April 22, 2013 [OPIS] - Thanks to its transmix operations, Kinder Morgan Energy Partners is seeing only upside from the steep escalation in the value of RINs, having reaped nearly $2 million from their sale in the first quarter, the company said this week.
In a conference call to discuss first quarter earnings, Chairman and CEO Rich Kinder called RINs “a positive” that contributed $1.9 million in sales in the January-March period.
The company has on a monthly basis approximately 700,000 excess D6 (or corn-based ethanol) RINs, spokeswoman Emily Mir told OPIS.
Kinder said during the call that the financial return from the sale of the credits depends on RIN prices. “Today those prices are running 65cts, 70cts, so you can multiply that out and that’s how much per month we can make from it,” the CEO said, noting that they were 10cts a few months ago and have been as high as $1.08 or $1.10 at one point.
Kinder added that the company was selling its excess RINs on a monthly basis to a customer “who wants to take all that we have.”
As previously reported by OPIS, the midstream giant along with other transmix processors inhabits a small but winning niche in the RIN-preoccupied gasoline market.
Transmix processors are not obligated to blend renewable fuel into the gasoline they supply so any ethanol used in the unleaded they sell generates excess RINs that can be sold in the secondary market.

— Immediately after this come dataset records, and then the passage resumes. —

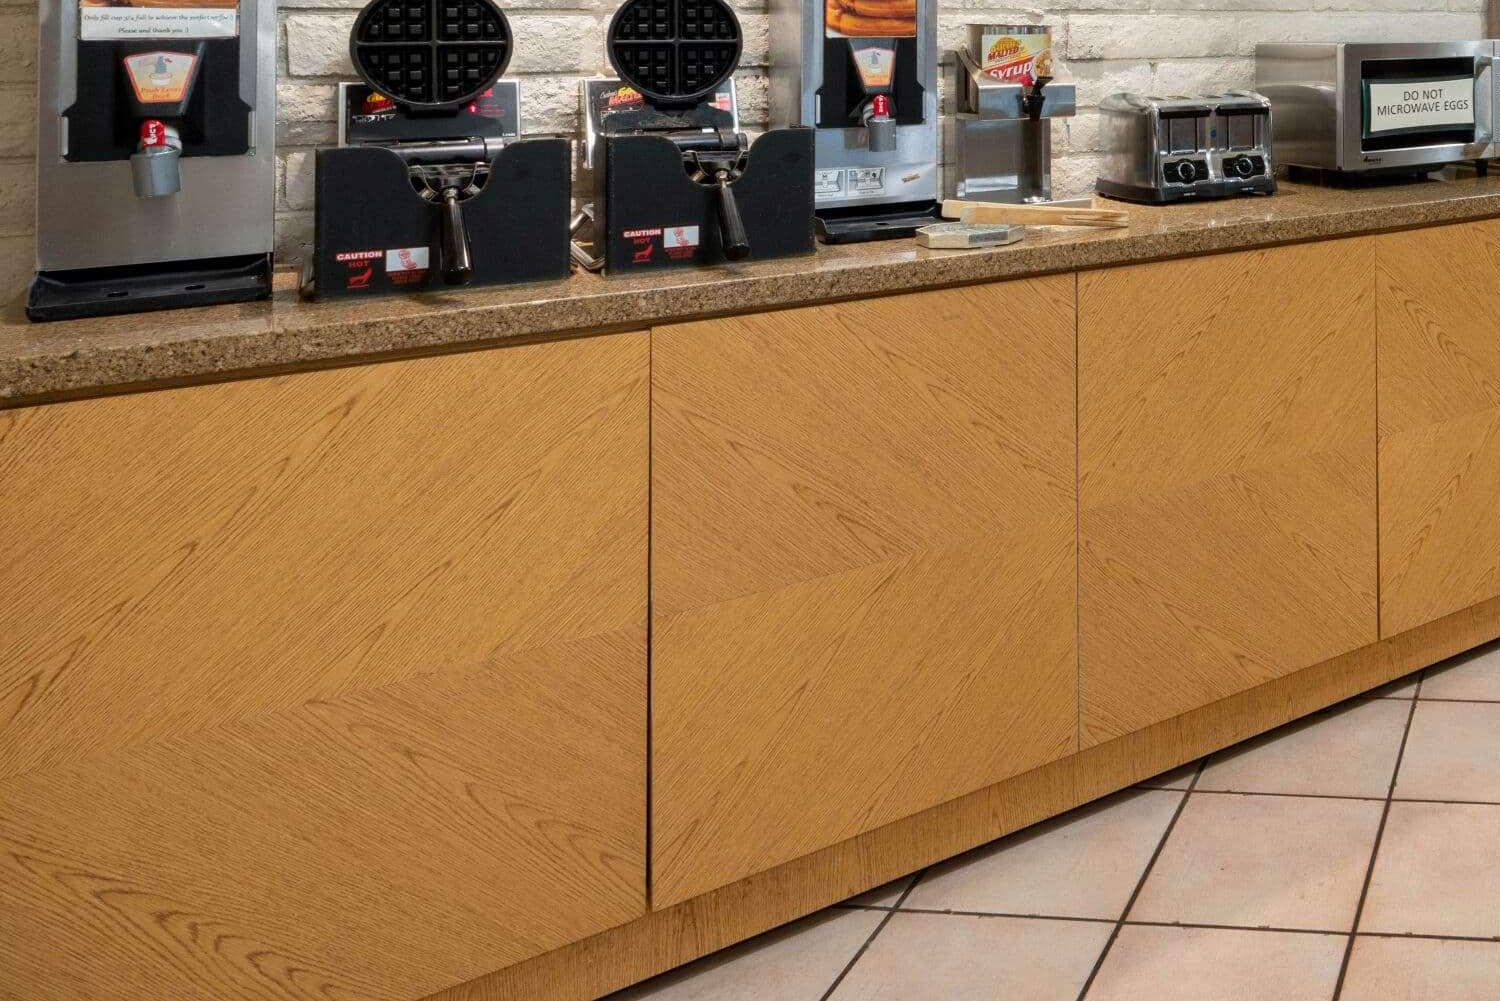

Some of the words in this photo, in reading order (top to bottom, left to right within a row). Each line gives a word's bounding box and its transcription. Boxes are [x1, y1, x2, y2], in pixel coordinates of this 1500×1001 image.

[1403, 90, 1419, 101] DO
[1422, 88, 1443, 100] NOT
[1377, 101, 1440, 116] MICROWAVE
[1444, 100, 1470, 111] EGGS
[623, 229, 661, 238] CAUTION
[336, 250, 383, 262] CAUTION
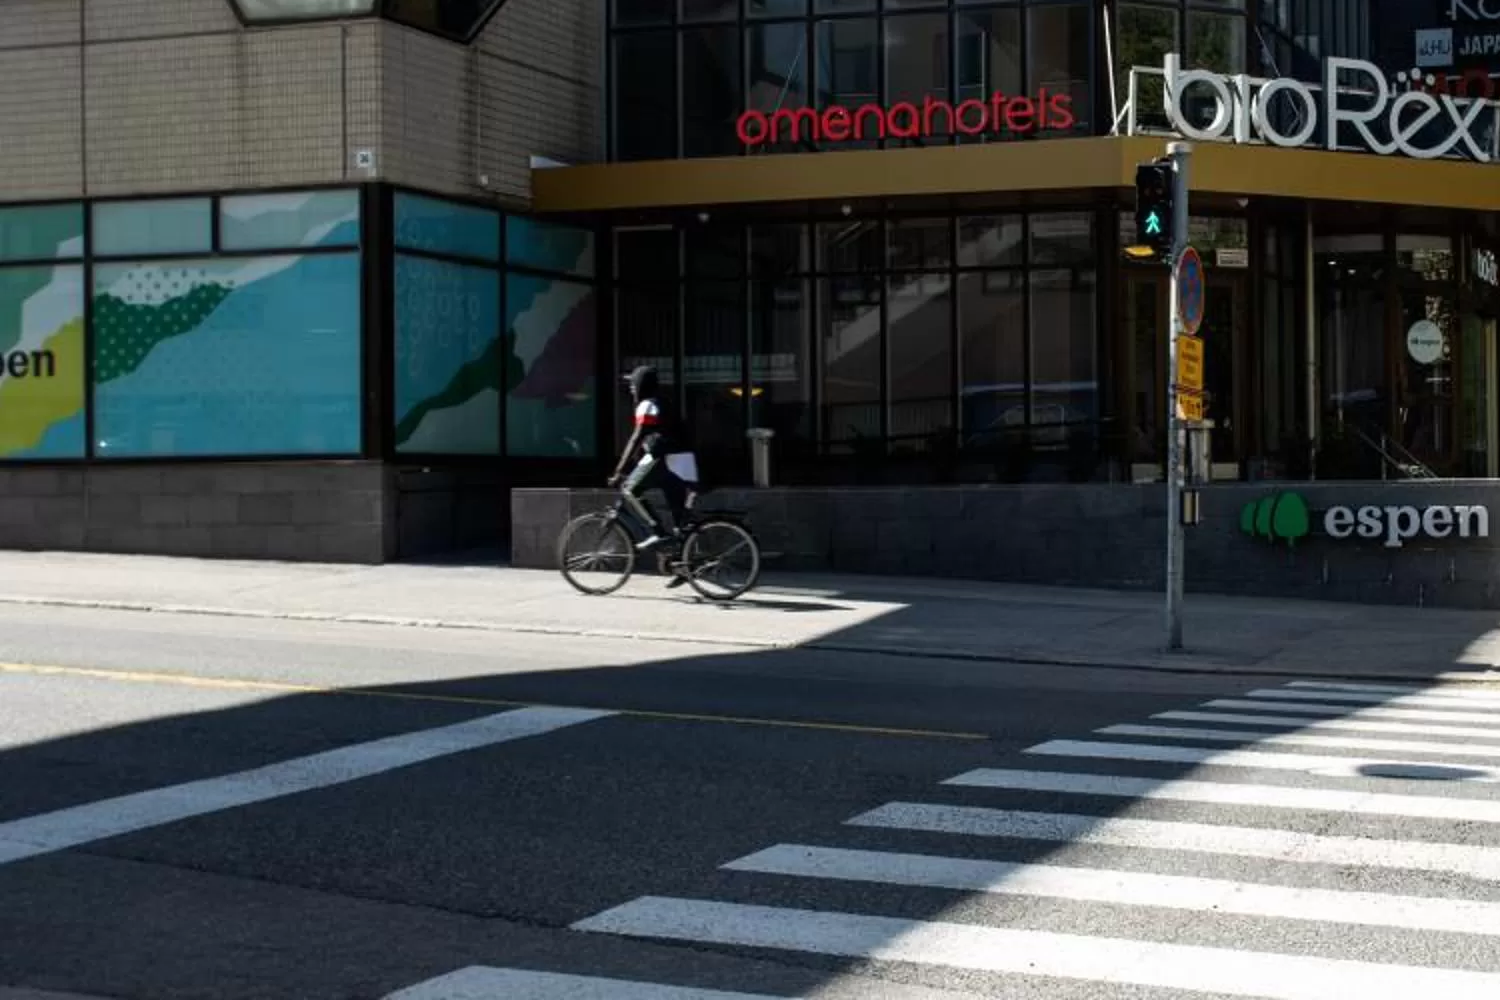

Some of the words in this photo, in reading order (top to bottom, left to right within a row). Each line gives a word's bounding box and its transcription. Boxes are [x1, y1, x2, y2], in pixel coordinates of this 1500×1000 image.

[735, 87, 1074, 145] omenahotels
[0, 350, 55, 378] en
[1324, 502, 1489, 546] espen

As noted by Goldman Sachs, the gasoline portion of transmix – the blend of dissimilar products that become comingled in pipelines – has already been counted against a refiner’s or importer’s renewable fuel obligation, making transmix processors non-obligated parties under the Renewable Fuel Standard.
Kinder Morgan owns transmix facilities in Colton, Calif.; Richmond (3302 Deepwater Richmond, 4110 Deepwater Richmond), Va.; Dorsey Junction, Md.; Indianola, Pa.; Wood River, Ill.; and Greensboro ( Greensboro, Greensboro – Burnt Poplar), N.C.
The EPA estimates that some 750 million gallons of transmix is produced annually in the U.S.; about 40% of the derived product is gasoline and 60% is distillate.
On Wednesday, the company’s five business segments earned approximately $1.276 billion before DD&A and certain items, up 24% year on year. The products pipelines business segment contributed $200 million to total earnings, up 14% versus the first quarter of 2012, and is on track to slightly exceed its published annual budget of 6% growth, Kinder Morgan said in a statement.